Antigua’s WTO delegation released a delicious statement yesterday, calling the US to task for its failure to eliminate its Internet gambling ban, as called for in a 2005 WTO decision. I’ll quote it at length:

We would like to draw the attention of the DSB to certain matters expressed by the United States in its statement at the DSB [Dispute Settlement Body] meeting on 28th January. These statements, taken in the context of the US continued non-compliance, now assume alarming proportions. In its statement, the United States said: “if Antigua does proceed with a plan for its government to authorize the theft of intellectual property, it would only serve to hurt Antigua’s own interests. Government-authorized piracy would undermine chances for a settlement that would provide real benefits to Antigua. It also would serve as a major impediment to foreign investment in the Antiguan economy, particularly in high-tech industries.”

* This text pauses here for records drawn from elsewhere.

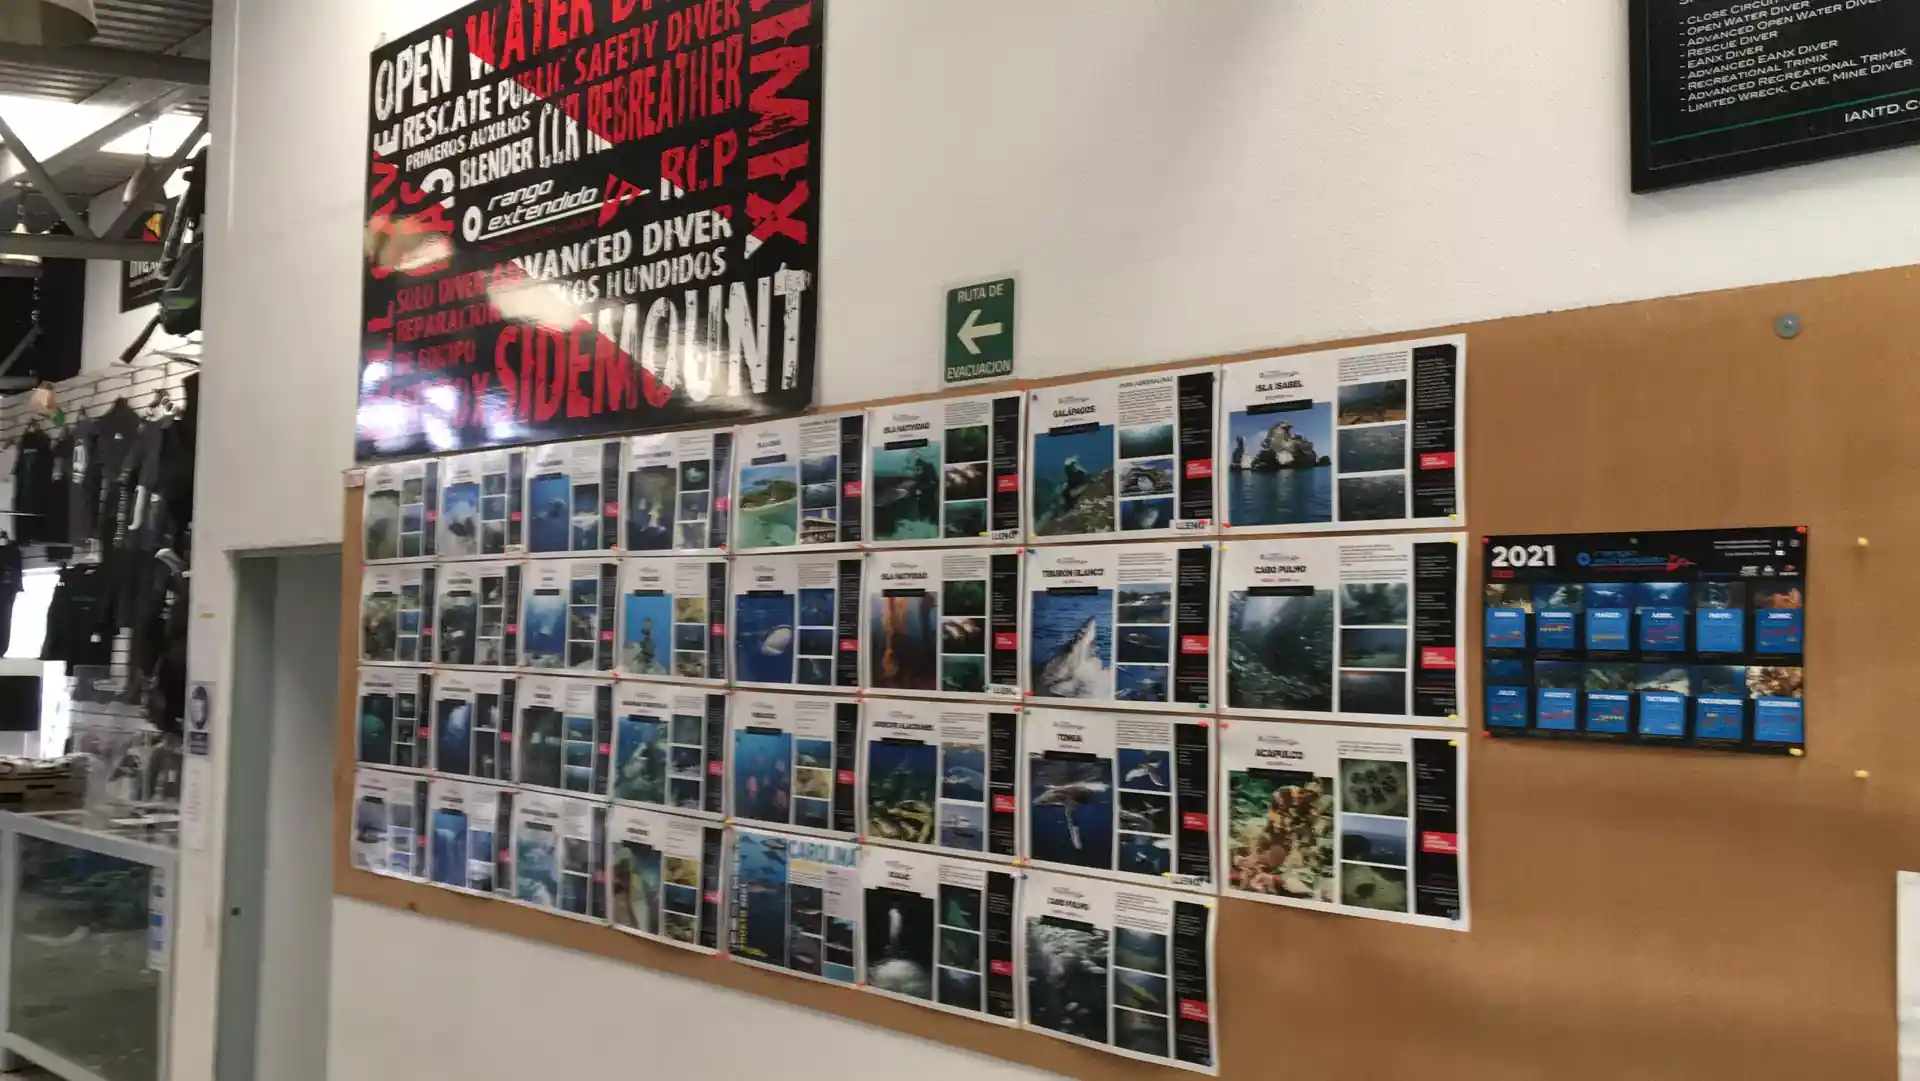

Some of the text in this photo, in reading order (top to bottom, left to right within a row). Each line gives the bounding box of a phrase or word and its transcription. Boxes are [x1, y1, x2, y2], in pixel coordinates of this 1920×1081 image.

[1687, 9, 1728, 25] CLOSE
[1687, 0, 1811, 36] OPEN WATER DIVER
[1687, 25, 1754, 47] ADVANCED
[1757, 15, 1793, 30] OPEN
[1795, 3, 1842, 21] WATER
[375, 0, 594, 120] OPEN WATER
[498, 0, 741, 115] PUBLIC SAFETY DIVER
[1687, 30, 1778, 58] RESCUE DIVER
[1687, 58, 1755, 80] ADVANCED
[1798, 39, 1840, 55] DIVER
[1725, 45, 1764, 60] DIVER
[1687, 47, 1908, 101] ADVANCED RECREATIONAL TRIMIX
[1688, 53, 1828, 90] RECREATIONAL TRIMIX
[1688, 96, 1736, 113] LIMITED
[1832, 67, 1868, 82] MINE
[1870, 58, 1914, 75] DIVER
[402, 84, 492, 150] RESCATE
[460, 136, 534, 190] BLENDER
[587, 33, 743, 155] REBREATHER
[744, 0, 812, 260] IMIX
[1845, 99, 1920, 123] IANTD.C
[406, 110, 531, 172] PRIMEROS AUXILIOS
[660, 130, 739, 201] RCP
[487, 179, 555, 211] rango
[488, 186, 599, 231] extendido
[643, 210, 732, 256] DIVER
[606, 246, 726, 299] HUNDIDOS
[957, 284, 1004, 302] RUTA DE
[495, 262, 812, 422] SIDEMOUNT
[1255, 379, 1303, 392] ISLA ISABEL
[1491, 545, 1556, 567] 2021

We are left to ask ourselves why the United States delegation would employ terms such as “theft of intellectual property” and “Government-authorized piracy” relating to the lawful and expressly authorised use of trade remedies provided for in the WTO agreements. We believe that the intemperate and dismissive language used in this very forum by the delegation of the United States, where the lawful judgment of the Dispute Settlement Board was characterized as theft and its rulings called piracy, is a fundamental challenge to the WTO by its most powerful member. If we were in a different setting, Mr. Chairman, this would be contempt of court.

I don’t know if the Antigua legal team has any critical legal studies students on its staff, but this certainly makes it seem so.

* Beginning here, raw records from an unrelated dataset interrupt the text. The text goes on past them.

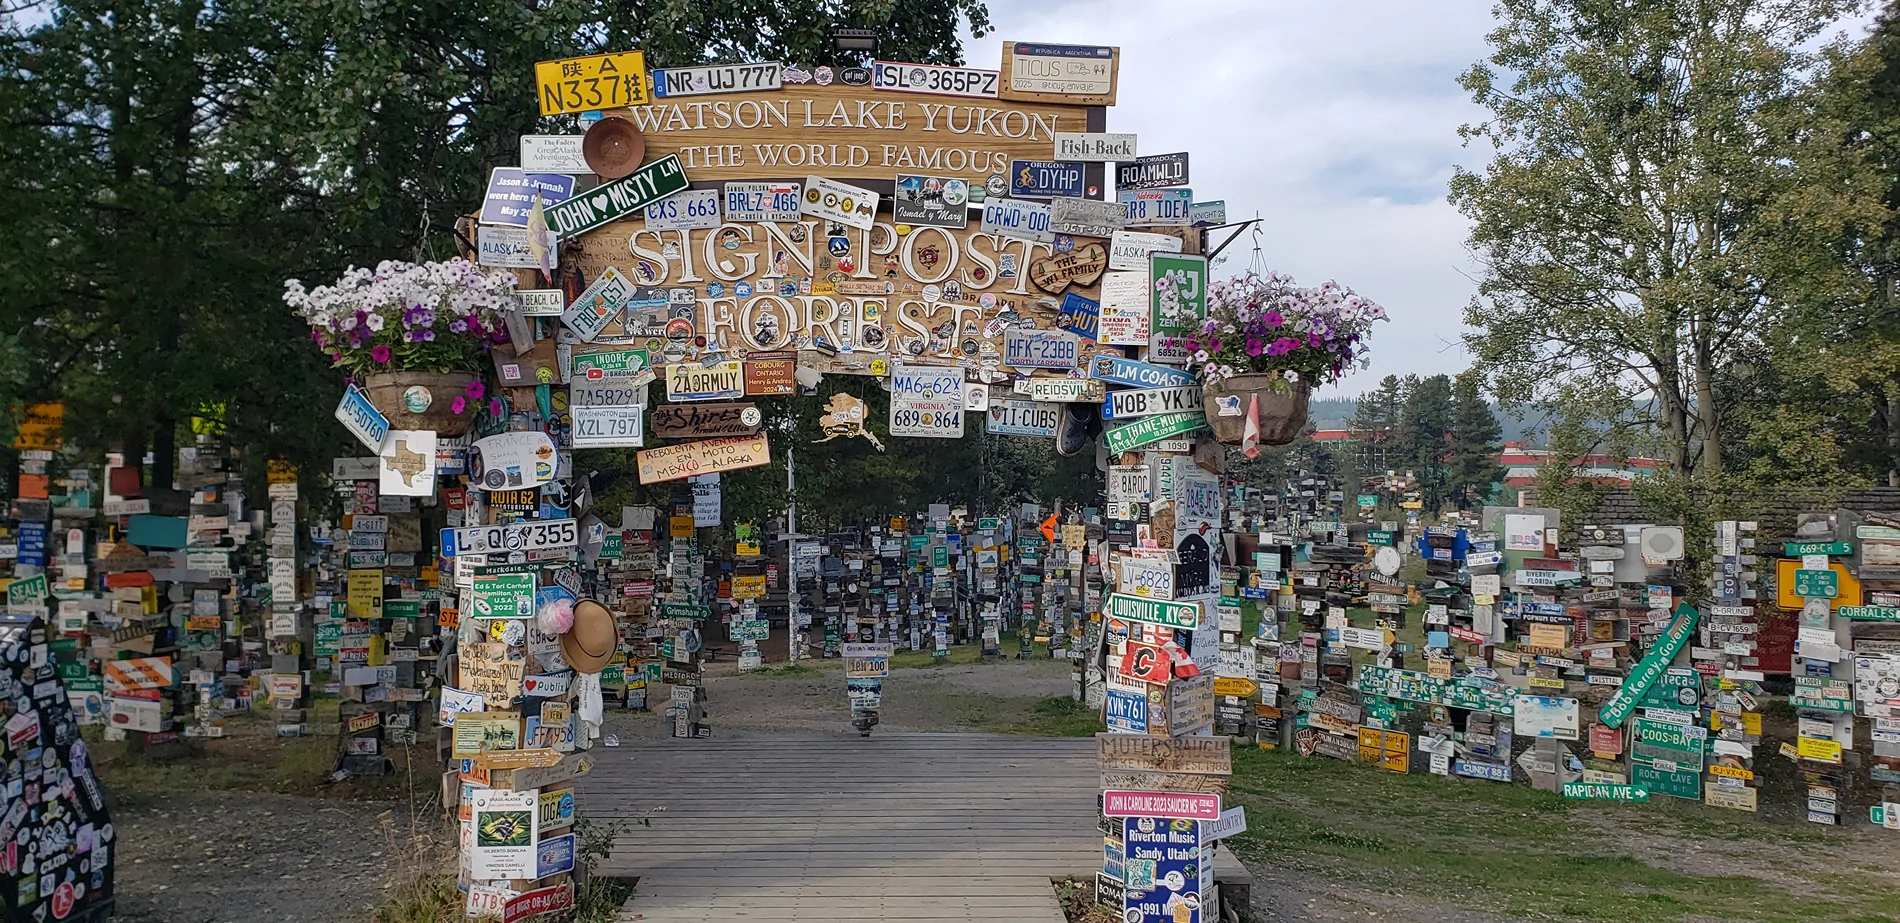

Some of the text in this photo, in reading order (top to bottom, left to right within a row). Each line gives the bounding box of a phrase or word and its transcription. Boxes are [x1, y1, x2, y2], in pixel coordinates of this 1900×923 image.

[1017, 58, 1061, 78] TICUS
[666, 66, 778, 93] NR UJ 777
[884, 65, 997, 95] SL 365PZ
[629, 99, 1059, 142] WATSON LAKE YUKON
[1061, 139, 1132, 155] Fish-Back
[679, 143, 1008, 174] THE WORLD FAMOUS
[1030, 161, 1065, 169] OREGON
[1038, 168, 1078, 190] DYHP
[1121, 162, 1182, 183] ROAMWLD
[497, 178, 520, 186] Jason
[489, 192, 508, 200] were
[510, 192, 529, 201] here
[551, 159, 679, 237] JOHN MISTY LN
[773, 193, 798, 211] 466
[648, 198, 717, 219] CXS 663
[1006, 202, 1037, 210] ONTARIO
[937, 210, 963, 222] Mary
[1194, 211, 1215, 220] KNIGHT
[629, 221, 1053, 295] SIGN POST
[1113, 246, 1145, 258] ALASKA
[1054, 256, 1078, 269] THE
[1060, 264, 1099, 280] FAMILY
[700, 294, 983, 359] FOREST
[596, 353, 626, 364] INDORE
[1158, 349, 1177, 357] 6852
[894, 377, 961, 394] MA6 62X
[1035, 385, 1103, 396] REIDSVILLE
[1114, 389, 1204, 414] WOB YK 14
[578, 419, 636, 435] XZL 797
[895, 410, 959, 428] 689 864
[677, 445, 735, 463] EN MOTO
[521, 491, 534, 504] 62
[534, 523, 574, 545] 355
[1140, 571, 1170, 589] 6828
[1585, 592, 1617, 600] NEUFFEN
[667, 607, 699, 617] Grimshaw
[1114, 595, 1178, 623] LOUISVILLE, KY
[1840, 607, 1894, 618] CORRALES
[870, 662, 884, 671] 100
[1612, 614, 1692, 718] Bob Kerrey, Governor
[538, 682, 564, 692] Publix
[1365, 673, 1390, 692] Jan
[1399, 681, 1438, 698] Lake
[1463, 691, 1479, 702] km
[1796, 678, 1848, 688] LEADORE IDAHO
[1363, 697, 1375, 705] ASH
[1806, 699, 1839, 709] RICHMOND
[1642, 729, 1692, 746] COOS BAY
[1463, 764, 1490, 776] CUNDY
[1639, 769, 1692, 784] ROCK CAVE
[1563, 784, 1633, 799] RAPIDAN AVE
[1109, 796, 1197, 813] JOHN & CAROLINE 2023 SAUCIER MS
[1212, 813, 1243, 833] COUNTRY
[1129, 829, 1195, 844] Riverton Music
[1136, 846, 1189, 861] Sandy, Utah
[1140, 902, 1160, 915] 1991

First, there’s the dueling rhetorical battles over what can constitute property and theft. First, the U.S. deems intellectual creations as “property”, even though the notion only exists because of a massive government intervention in the free market. Second, having defined property thusly, the US argues that breaking copyrights is theft. Finally, Antigua rebuts that something can’t be theft if a governance body has authorized it. At the risk of sounding like a grad student (ahem), I will note that this exchange perfectly captures the nature of property as a social construction, which can be and is contested socially.

Second, there’s the debate over the intersection of law and power. The US participated in the 2003-05 case brought by Antigua, presumably because it wants developing countries to consider the WTO dispute settlement process as a type of binding law. But, then, the US doesn’t follow the law. (Let’s set aside for a moment that it’s very odd to have trade tribunals ordering a country’s executive branch to eliminate non-trade regulations approved and defended by the legislative branch.) Antigua then attempts to defend its legal rights, and the US responds with a not-too-subtle extra-legal coercive threat to block investment in Antigua. Antigua cleverly calls the US out on this rhetorical gambit, calling it “a fundamental challenge to the WTO by its most powerful member.”

So is this a law game, or a politics game? Antigua to US: your move.